EXTRACTED RECORDS
┌──

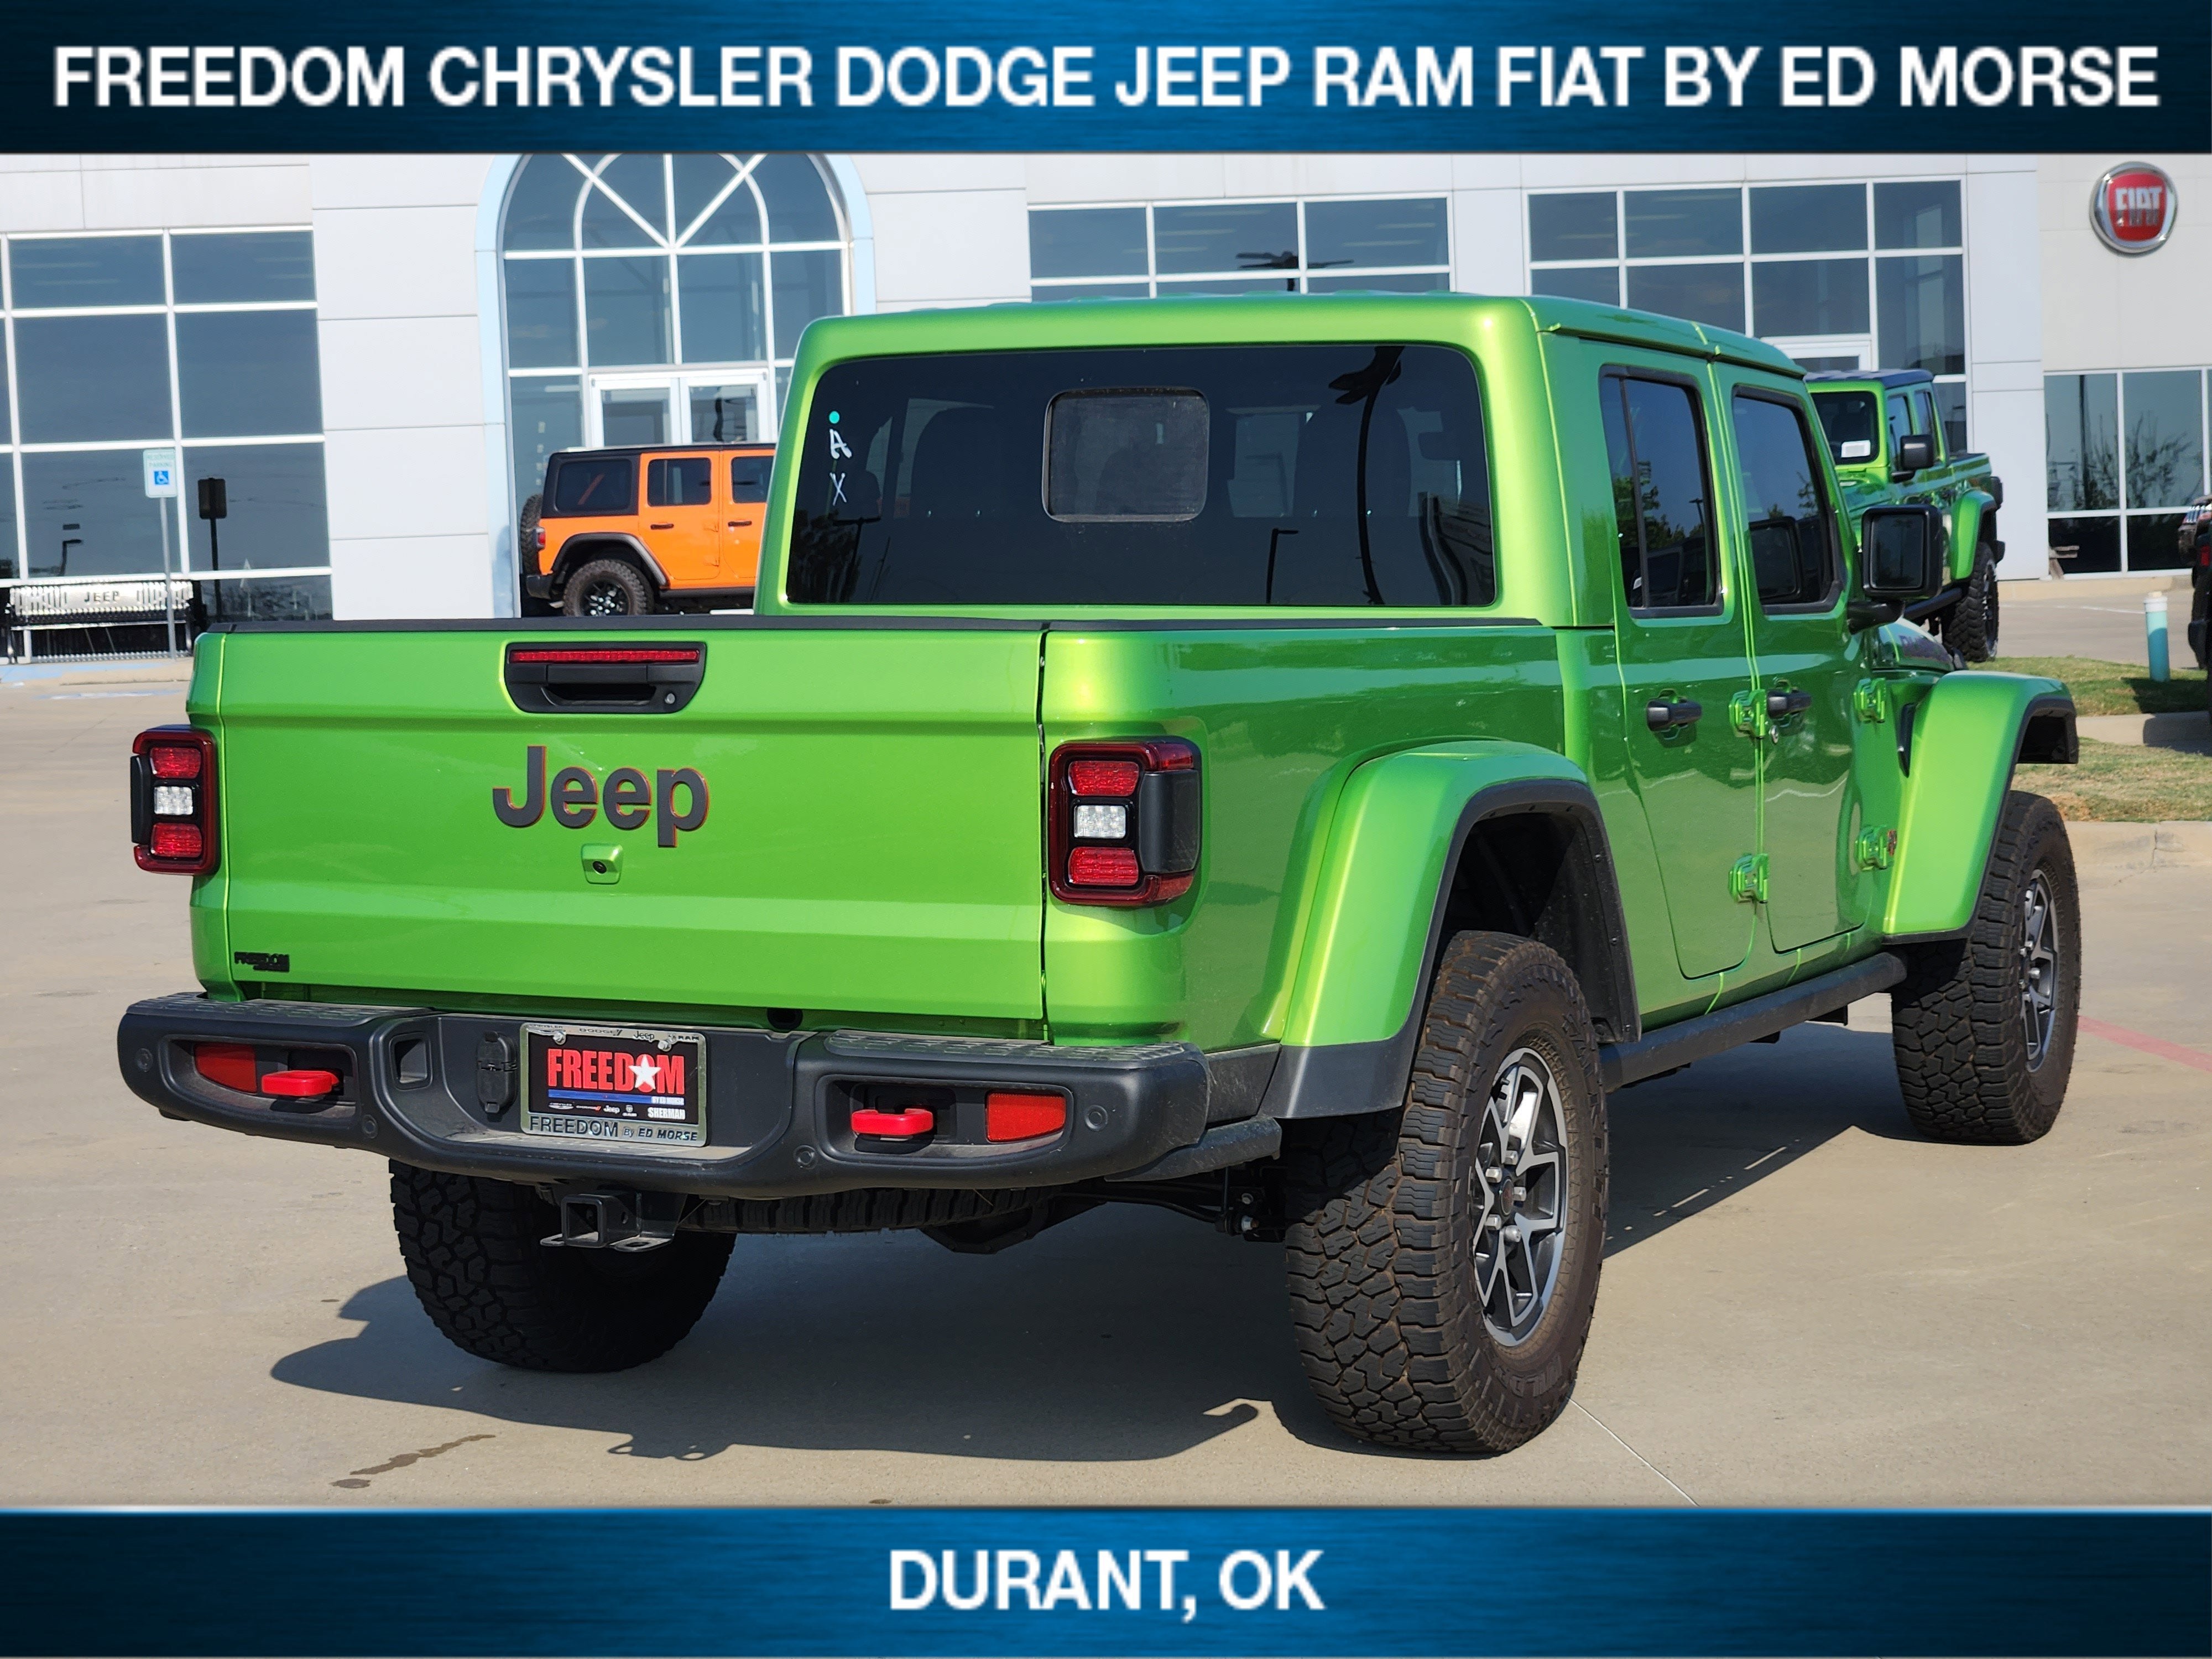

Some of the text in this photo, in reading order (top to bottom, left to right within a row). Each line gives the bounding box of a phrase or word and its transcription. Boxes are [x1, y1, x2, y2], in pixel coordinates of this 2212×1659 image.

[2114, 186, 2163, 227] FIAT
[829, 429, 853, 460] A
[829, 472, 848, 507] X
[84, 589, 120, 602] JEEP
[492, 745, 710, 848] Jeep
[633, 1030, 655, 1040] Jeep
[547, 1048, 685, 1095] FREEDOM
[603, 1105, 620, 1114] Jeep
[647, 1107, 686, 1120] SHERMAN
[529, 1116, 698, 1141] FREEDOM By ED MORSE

└──

DIRECTIONS FOR THIS TASK
When you copy the lines above, drop the pictures and keep everything else exact.

ANSWER TO THE EXERCISE
Some of the text in this photo, in reading order (top to bottom, left to right within a row). Each line gives the bounding box of a phrase or word and its transcription. Boxes are [x1, y1, x2, y2], in pixel coordinates of this 2212×1659 image.

[2114, 186, 2163, 227] FIAT
[829, 429, 853, 460] A
[829, 472, 848, 507] X
[84, 589, 120, 602] JEEP
[492, 745, 710, 848] Jeep
[633, 1030, 655, 1040] Jeep
[547, 1048, 685, 1095] FREEDOM
[603, 1105, 620, 1114] Jeep
[647, 1107, 686, 1120] SHERMAN
[529, 1116, 698, 1141] FREEDOM By ED MORSE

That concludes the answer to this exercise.